|Year : 2018 | Volume
| Issue : 1 | Page : 71-74
Rapid macular hole formation and closure in a vitrectomized eye following rhegmatogenous retinal detachment repair
Ratnesh Ranjan, George Joseph Manayath, Udayasree Avadhani, Venkatapathy Narendran
Department of Vitreo-Retina, Aravind Eye Hospital and Postgraduate Institute of Ophthalmology, Coimbatore, Tamil Nadu, India
|Date of Web Publication||5-Mar-2018|
Department of Vitreo-Retina, Aravind Eye Hospital and Postgraduate Institute of Ophthalmology, Avinashi Road, Coimbatore - 641 014, Tamil Nadu
Source of Support: None, Conflict of Interest: None
| Abstract|| |
The development of a full-thickness macular hole (FTMH) after pars plana vitrectomy (PPV) for rhegmatogenous retinal detachment (RRD) repair is a rare occurrence.
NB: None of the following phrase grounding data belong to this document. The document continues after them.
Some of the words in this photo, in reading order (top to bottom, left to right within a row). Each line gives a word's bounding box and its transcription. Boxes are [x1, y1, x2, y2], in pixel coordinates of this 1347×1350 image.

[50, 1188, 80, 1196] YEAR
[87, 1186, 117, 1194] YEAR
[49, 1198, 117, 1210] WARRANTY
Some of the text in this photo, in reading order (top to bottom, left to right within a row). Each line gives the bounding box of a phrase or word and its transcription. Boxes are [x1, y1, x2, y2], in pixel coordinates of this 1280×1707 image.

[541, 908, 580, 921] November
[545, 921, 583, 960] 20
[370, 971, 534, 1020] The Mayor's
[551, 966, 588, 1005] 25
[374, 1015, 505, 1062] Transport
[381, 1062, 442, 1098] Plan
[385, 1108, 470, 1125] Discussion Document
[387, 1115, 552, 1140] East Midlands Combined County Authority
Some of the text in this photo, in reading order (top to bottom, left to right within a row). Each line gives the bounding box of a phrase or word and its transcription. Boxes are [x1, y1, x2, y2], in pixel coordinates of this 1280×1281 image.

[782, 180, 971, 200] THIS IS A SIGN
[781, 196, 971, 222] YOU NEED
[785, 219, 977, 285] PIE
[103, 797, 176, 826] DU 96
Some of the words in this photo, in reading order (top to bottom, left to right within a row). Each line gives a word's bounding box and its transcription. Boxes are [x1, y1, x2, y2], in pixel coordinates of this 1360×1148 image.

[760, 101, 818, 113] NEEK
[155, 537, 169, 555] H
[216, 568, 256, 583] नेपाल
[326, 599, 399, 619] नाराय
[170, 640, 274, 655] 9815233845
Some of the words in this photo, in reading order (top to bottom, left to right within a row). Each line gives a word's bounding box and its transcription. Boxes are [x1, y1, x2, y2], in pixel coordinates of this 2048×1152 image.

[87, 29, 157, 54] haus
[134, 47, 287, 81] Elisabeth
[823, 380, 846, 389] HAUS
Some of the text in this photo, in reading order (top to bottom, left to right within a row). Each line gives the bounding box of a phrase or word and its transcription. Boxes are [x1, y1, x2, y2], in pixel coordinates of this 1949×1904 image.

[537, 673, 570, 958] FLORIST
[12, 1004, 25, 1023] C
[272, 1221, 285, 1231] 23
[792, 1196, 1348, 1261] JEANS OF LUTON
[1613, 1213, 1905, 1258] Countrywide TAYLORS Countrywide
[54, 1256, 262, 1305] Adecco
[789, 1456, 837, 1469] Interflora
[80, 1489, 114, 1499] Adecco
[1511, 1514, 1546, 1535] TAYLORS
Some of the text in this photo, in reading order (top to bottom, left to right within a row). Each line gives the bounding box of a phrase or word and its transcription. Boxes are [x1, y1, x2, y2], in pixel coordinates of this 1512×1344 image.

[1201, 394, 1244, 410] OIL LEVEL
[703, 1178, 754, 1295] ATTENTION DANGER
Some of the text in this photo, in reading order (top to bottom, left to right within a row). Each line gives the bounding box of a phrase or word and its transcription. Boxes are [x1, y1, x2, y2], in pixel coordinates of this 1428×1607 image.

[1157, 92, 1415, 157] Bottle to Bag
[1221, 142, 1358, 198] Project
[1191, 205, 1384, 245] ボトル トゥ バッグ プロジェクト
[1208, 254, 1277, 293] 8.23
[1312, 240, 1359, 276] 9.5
We report the first case of rapid MH formation with internal limiting membrane (ILM)-like hyper-reflective bridging membrane under silicone oil (SO) meniscus, noted on the first postoperative day (POD) postvitrectomy for RRD. A 57-year-old man presented with best-corrected visual acuity (BCVA) of perception of light with immature cataract and total RRD in the left eye. He underwent cataract extraction with intraocular lens implantation with uneventful PPV, endolaser to primary break, and 360° periphery followed by injection of 1000 Cst SO. On the first POD, retina was attached in all quadrants with SO in situ. However, a dark red spot was noted at macula which was confirmed as FTMH with a bridging linear hyper-reflectivity under SO meniscus on optical coherence tomography (OCT). Repeat OCT, at 2 weeks and 3 months, revealed closed MH under the SO meniscus with BCVA improving to 6/60. This is the first reported case of very rapid FTMH formation with an ILM-like linear hyper-reflectivity following vitrectomy for RRD and highlights the possible contributory role of multiple nonconventional factors for rapid FTMH development and fibrinous membrane-assisted closure under SO tamponade.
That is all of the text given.